We are barraged by information – and within this sea of data we must remember to think of the problem we are trying to solve and how we can we use this convergence of information to better understand people. Translating the new “understanding” into future opportunities means that the role of a researcher is changing. FOCI accelerates disruptive innovators in the research space and pushes people to take risks, to think outside of traditional research methods and insights gathering and explore new and alternative tools and technologies. FOCI will bridge the gap between what people say they are going to do and what they actually do.
Here is what Cason had to say:
IIR: A big theme of this year’s conference is ‘humanization of data.’ Why do you think understanding PEOPLE (not consumers) presents an opportunity for strategic action?
Cason: Marketing has moved to a custom-level. When you walk into the Nike store, you get greeted by name and they know how many steps you’ve taken that day (if you are a user of their gear). We have to move with it or risk putting ourselves into extension by not providing relevant insights.
IIR: How is technology not only changing how we do things, but also how we understand the world, business, and people?
Cason: Technology is so engrained in our lifestyles that not only our purchasing behavior is deeply impacted by it, but also our personal lives ‘ how we communicate with family and friends, even. How we integrate (or choose not to integrate) technology into our lives defines us internally and externally, shaping our own personal brands. Even where we choose to engage defines us.
IIR: How has the role of ‘the researcher’ changed?
Cason: There is an entirely new set of skills required to manage the holistic picture. I’ve become versed in Google Analytics, for example. There are entire semesters of information I’ve had to learn as the field evolves. Social media wasn’t even on our radar when I was in grad school (in 2005).
IIR: Describe a situation where you’ve taken a risk or thought outside the box of tradition market research methods. How did that benefit your business?
Cason: I love the quasi qual/quant methodology that allows you to gather large amounts of qualitative data using survey tools. (Hot Spot message testing, for example.) These methods allow us to collect the data in one week compared to 6 if we used a traditional focus group recruiting and interview strategy. Both have their advantages and disadvantages, of course, but these methods allow for a disaster check when time isn’t on your side.
IIR: Where do you see the emerging space of marketing science and role of data scientists in the next five years?
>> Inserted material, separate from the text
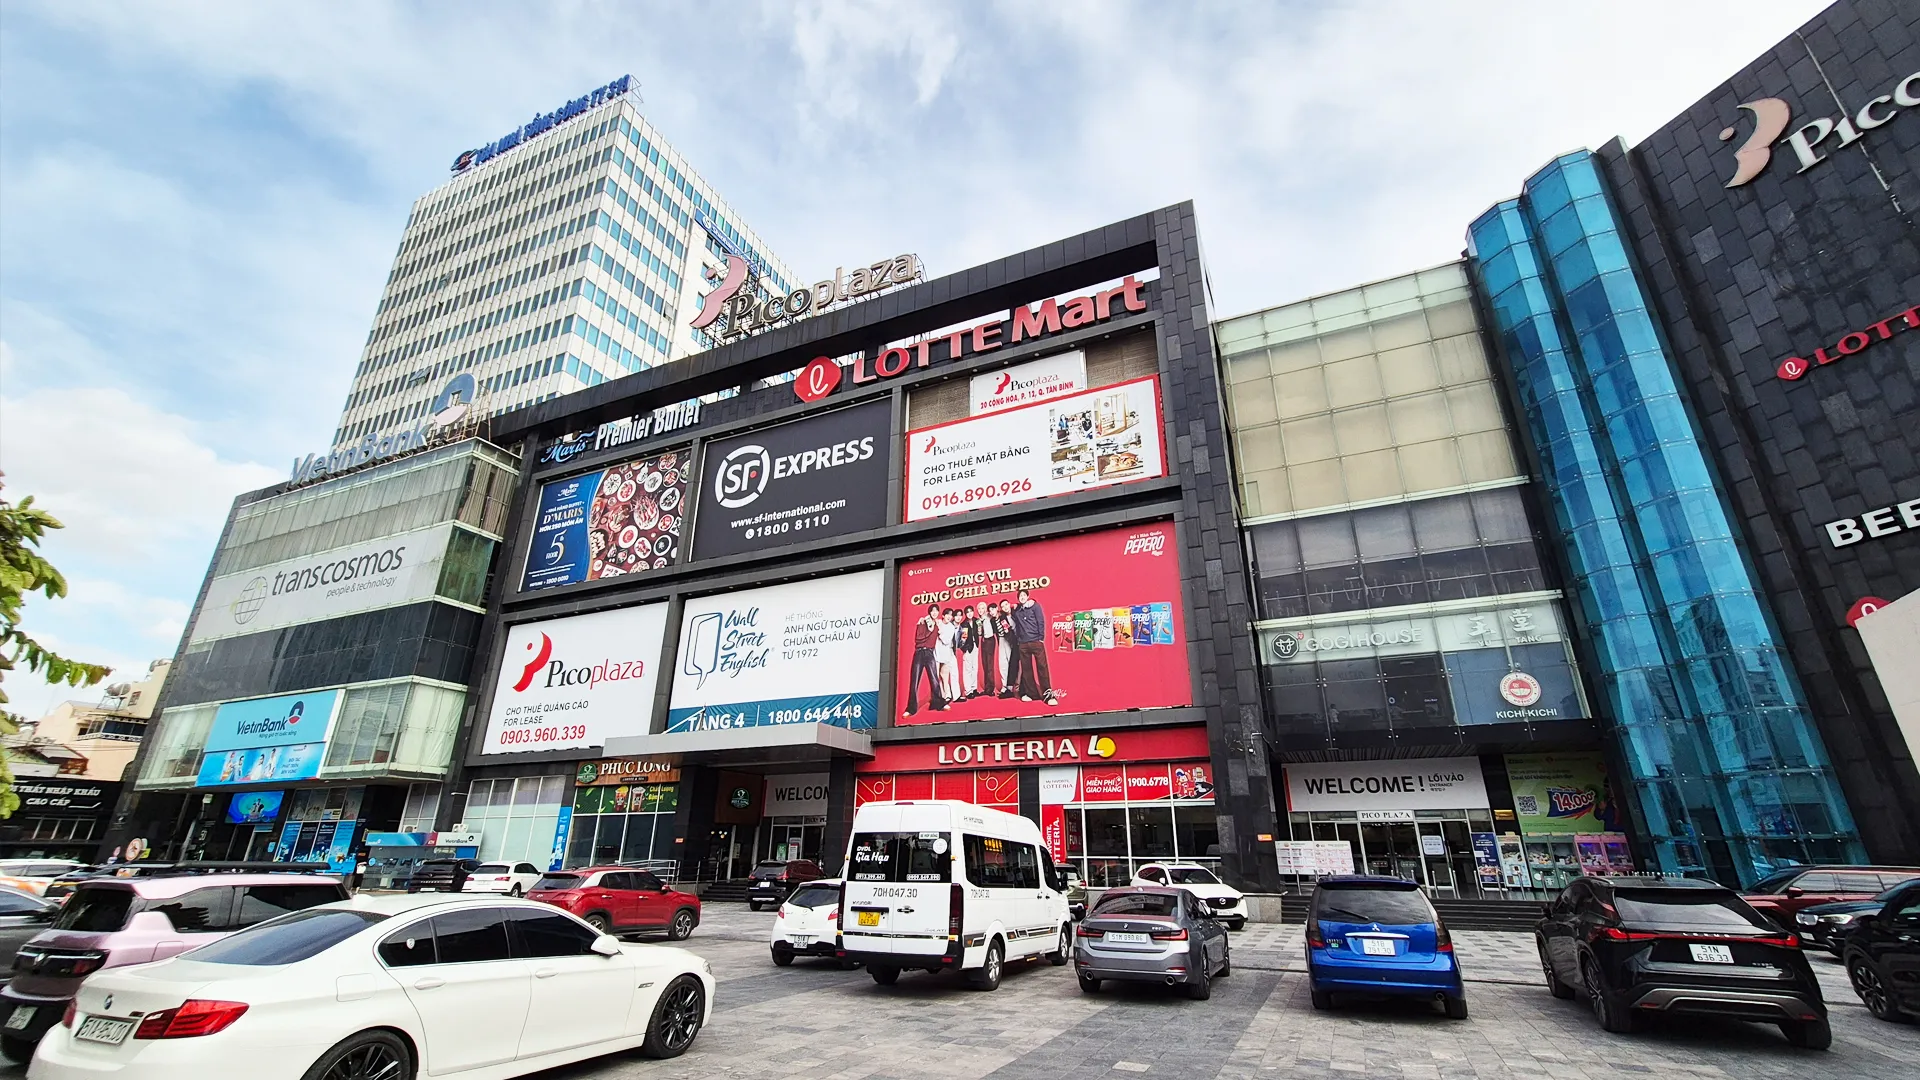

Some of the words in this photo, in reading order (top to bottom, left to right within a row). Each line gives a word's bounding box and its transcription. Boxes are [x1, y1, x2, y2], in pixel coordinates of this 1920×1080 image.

Cason: We have always been story tellers. Now, we have to tell the story not only from the driver’s seat of the car we’re in, but within the context of the entire freeway ‘ all the other variables that come into play’is there traffic, what’s the weather like, are other drivers distracted, how reliable is the car, how far to the next exit, etc.? It’s no longer useful to bring one methodology to the table when presenting the whys behind our results. We have to look at all the influential factors and determine which are relevant.
IIR: How has the increasingly connected consumer affected market research?
Cason: It’s a huge opportunity for us! Those that can turn down the noise and find the nuggets of meaningful data will go far.